Il y a treize ans, le metteur en scène avait fait sensation dans la cité des papes avec une autre oeuvre du dramaturge norvégien, "Un ennemi du peuple" qui explorait la question du mensonge.
"+Le canard sauvage+ est une réponse à cette représentation", explique M. Ostermeier dans un entretien à l'AFP à Berlin, après une répétition à la Schaubühne, l'une des scènes les plus créatives d'Europe dont il est le directeur artistique depuis plus de 25 ans.
"Je trouve étonnant que cet auteur, après avoir écrit +Un ennemi du peuple+, où il défend la nécessité de la vérité absolue, ait réalisé quelques années plus tard une oeuvre où il considère la question de manière plus ambivalente".
Dans cette pièce d'un peu moins de trois heures, la famille Ekdal vole en éclat après la révélation d'un terrible secret de famille.
- Interaction -
C'est le contrepied d'"Un ennemi du peuple", où des politiques véreux font tout pour réduire au silence un médecin déterminé à avertir ses concitoyens des risques d'un grand danger sanitaire et environnemental.
La représentation à Pékin de cette pièce, montrée en tournée dans le monde entier, avait mis en rage les autorités chinoises en 2018. Des spectateurs s'étaient mis à scander des slogans pour la liberté d'expression, après avoir été invités par les acteurs pendant la représentation à donner leur opinion.
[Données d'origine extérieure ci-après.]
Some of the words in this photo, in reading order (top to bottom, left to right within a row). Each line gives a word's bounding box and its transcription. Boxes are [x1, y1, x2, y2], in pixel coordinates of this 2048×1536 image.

Avec "Le canard sauvage", M. Ostermeier, adepte de l'interaction avec le public comme dans le stand-up, veut inciter les gens à s'interroger sur leur rapport à la vérité.
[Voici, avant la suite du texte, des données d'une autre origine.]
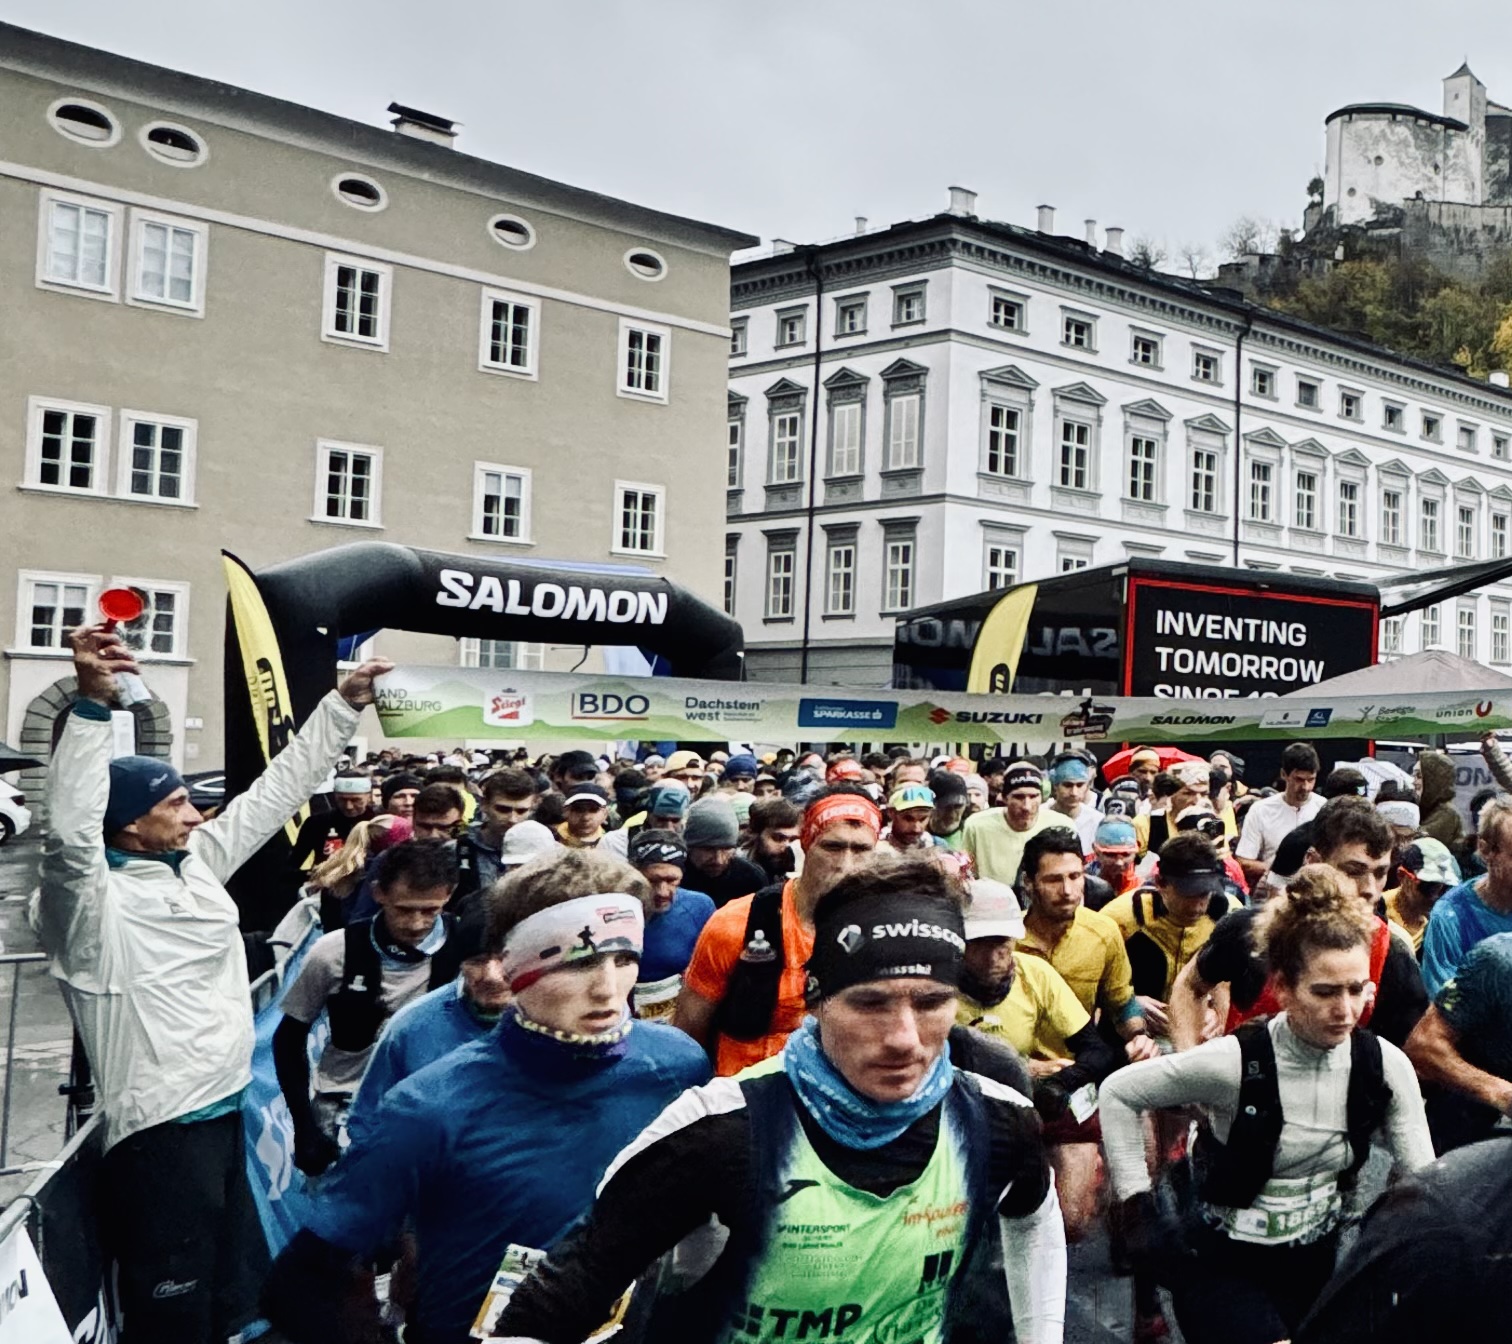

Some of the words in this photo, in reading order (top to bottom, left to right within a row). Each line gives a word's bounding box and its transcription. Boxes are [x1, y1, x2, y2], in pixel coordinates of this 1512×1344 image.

[436, 569, 668, 625] SALOMON
[1156, 609, 1307, 646] INVENTING
[1154, 646, 1325, 684] TOMORROW
[580, 693, 650, 715] BDO
[685, 696, 760, 711] Dachstein
[685, 712, 720, 722] west
[813, 709, 871, 720] SPARKASSE
[955, 710, 1043, 725] SUZUKI
[1149, 715, 1237, 725] SALOMON
[1436, 709, 1473, 718] union
[872, 919, 966, 955] swissco
[769, 1303, 862, 1339] TMP
"L'idée n'est pas qu'ils s'avouent mutuellement leurs mensonges mais plutôt qu'ils réfléchissent sur la façon dont ils abordent la vérité, selon les différents domaines de leur existence", dit-il à l'AFP.
"Nous sommes tous convaincus de l'importance de la vérité en politique, dans les affaires criminelles (...) Et pourtant, nous avons, dans notre vie privée, un tout autre rapport à la vérité", explique-t-il.
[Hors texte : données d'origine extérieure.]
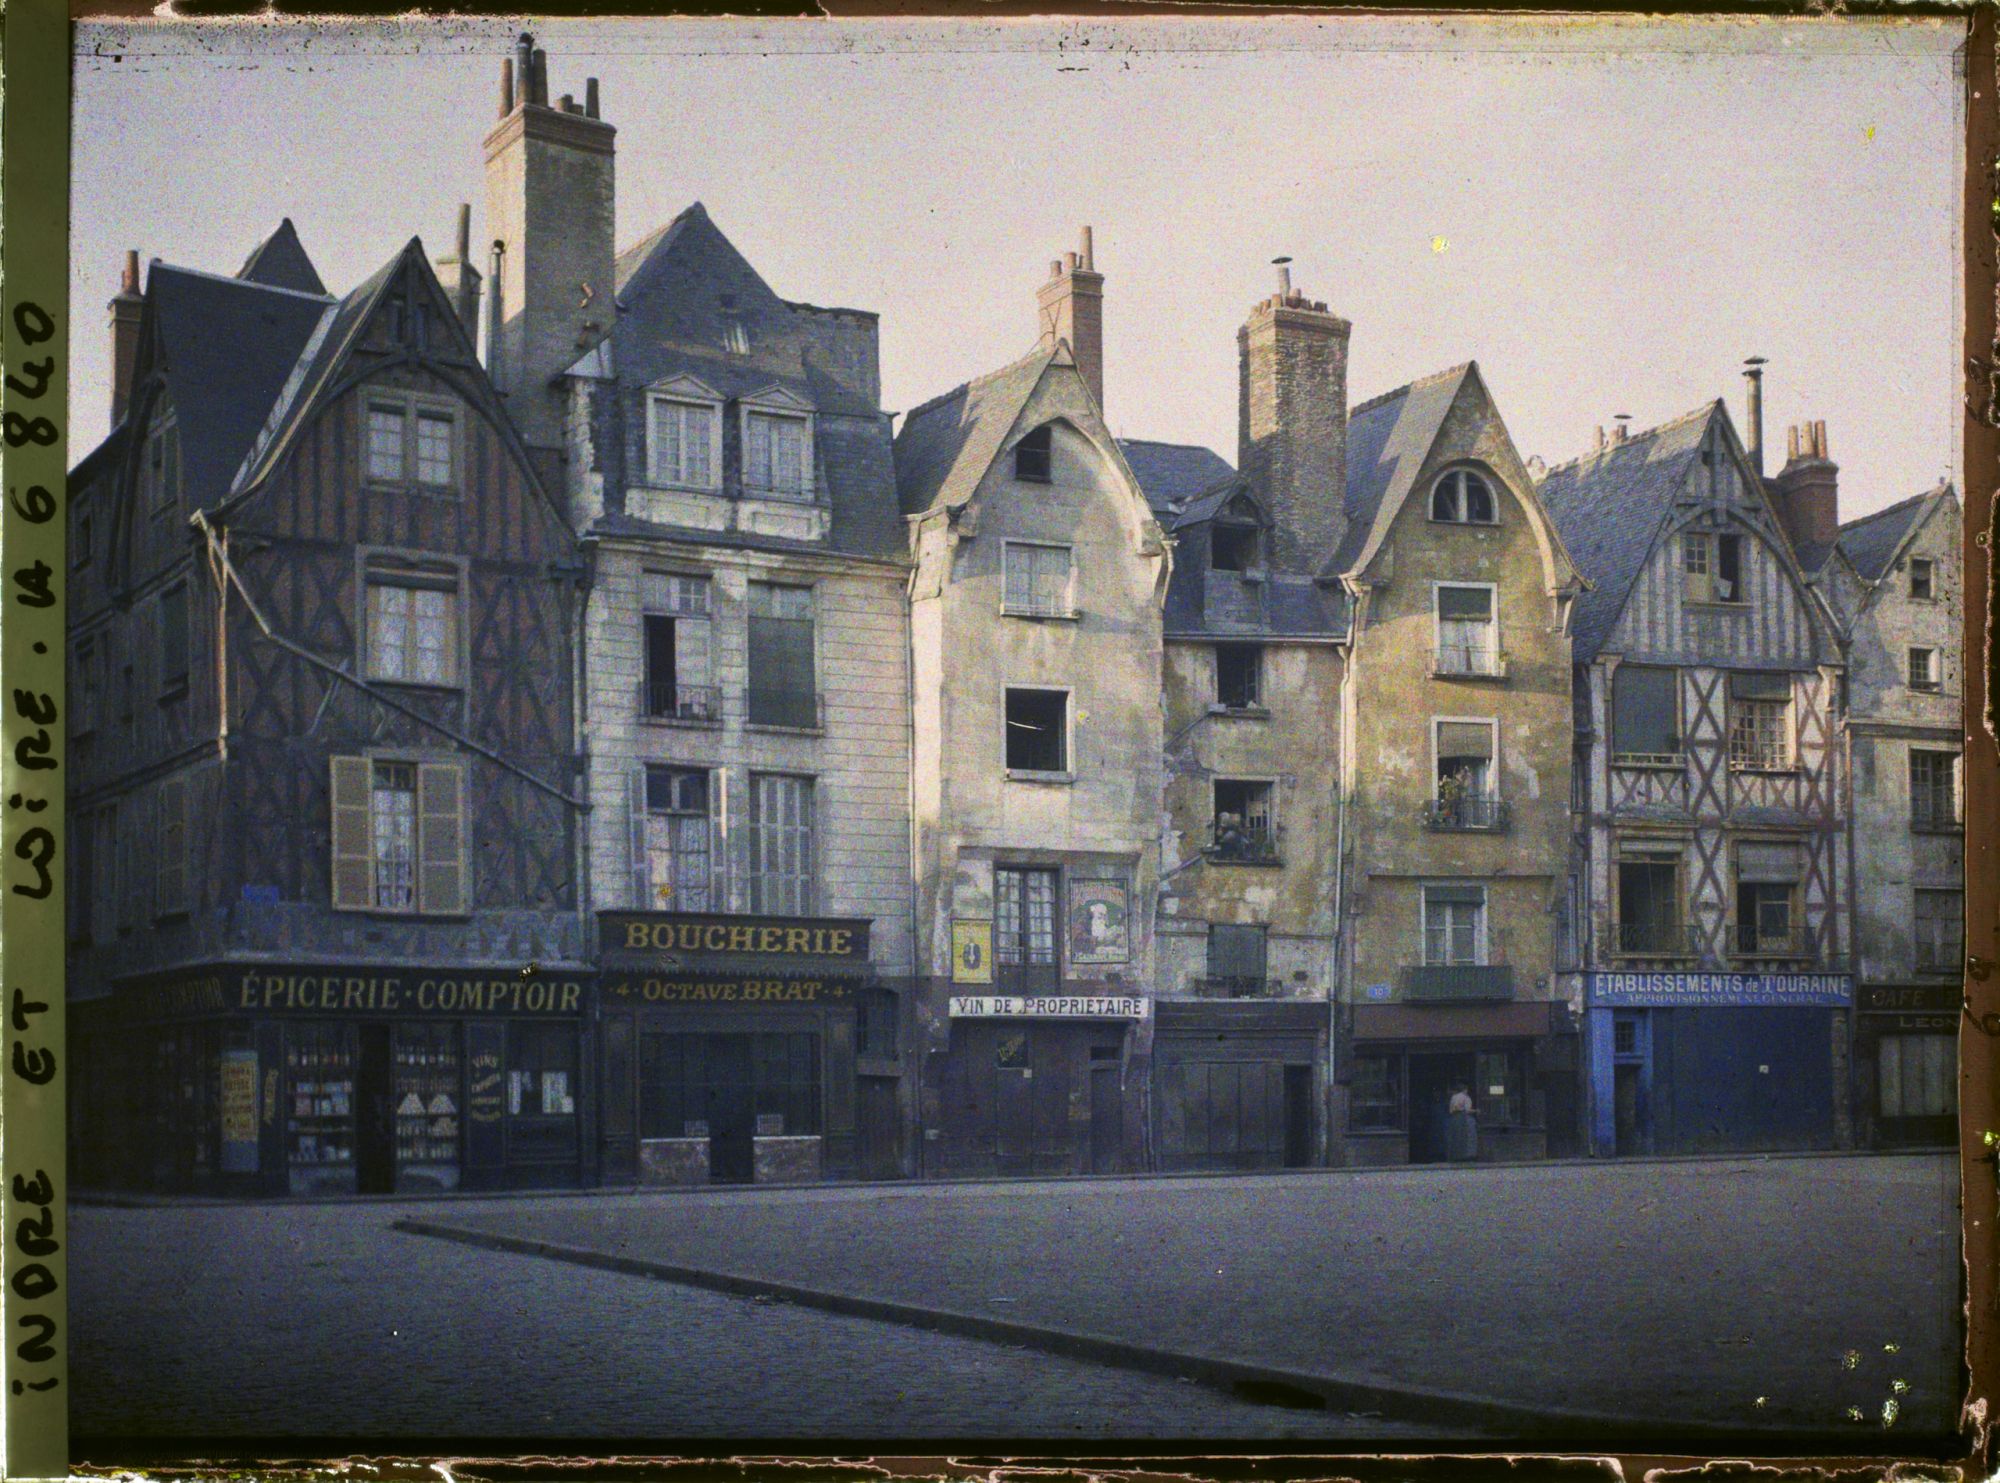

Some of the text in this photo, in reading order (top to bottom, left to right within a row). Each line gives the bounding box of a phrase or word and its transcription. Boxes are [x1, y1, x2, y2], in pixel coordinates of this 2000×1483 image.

[624, 921, 852, 955] BOUCHERIE
[418, 978, 581, 1012] COMPTOIR
[643, 979, 737, 1001] OCTAVE
[742, 980, 822, 1001] BRAT
[1594, 973, 1851, 998] ETABLISSEMENTS de TOURAINE
[957, 997, 1142, 1015] VIN DE PROPRIETAIRE
[11, 988, 57, 1086] ET
"De combien de mensonges avons-nous besoin pour vivre dans le bonheur du mariage bourgeois ?", s'interroge le metteur en scène de 56 ans.
Une question à laquelle fut d'ailleurs confronté Henrik Ibsen, père d'un enfant illégitime, né d'une relation avec une servante alors qu'il était préparateur en pharmacie dans sa jeunesse.
- Metallica -
Pour Thomas Ostermeier, les textes d'Ibsen, l'un de ses auteurs de prédilection, restent d'actualité car les conflits dépeints dans ses pièces au 19ème siècle agitent toujours notre société actuelle.
Dans "Le canard sauvage", il souligne cette pertinence en transposant l'histoire de la famille Ekdal à notre époque: le père Hjalmar joue du Metallica sur sa guitare électrique, la fille Hedvig qui rêve de devenir journaliste écrit dans le journal de son lycée et veut faire un stage dans le service de presse du riche entrepreneur Werle.
Alors qu'il s'est récemment plongé dans les difficultés des transfuges de classe, en montant notamment sur scène "Retour à Reims" de Didier Eribon, essai autobiographique de l'intellectuel français issu d'une famille ouvrière, M. Ostermeier s'immerge cette fois dans les misères du déclassement social de la famille Ekdal, ruinée - une épreuve vécue par Ibsen à la suite de la faillite de son père.
"Ce monde dans lequel vit la famille Ekdal, je le connais, c'est celui d'où je viens", raconte le metteur en scène, fils d'un soldat et d'une vendeuse de supermarché, qui estime ainsi pouvoir reproduire avec précision les misères d'une existence précaire.
"Comme Didier Eribon et Edouard Louis, je suis un transfuge de classe", assure-t-il. "Je peux parler des deux milieux, celui de mes origines et celui où je suis arrivé".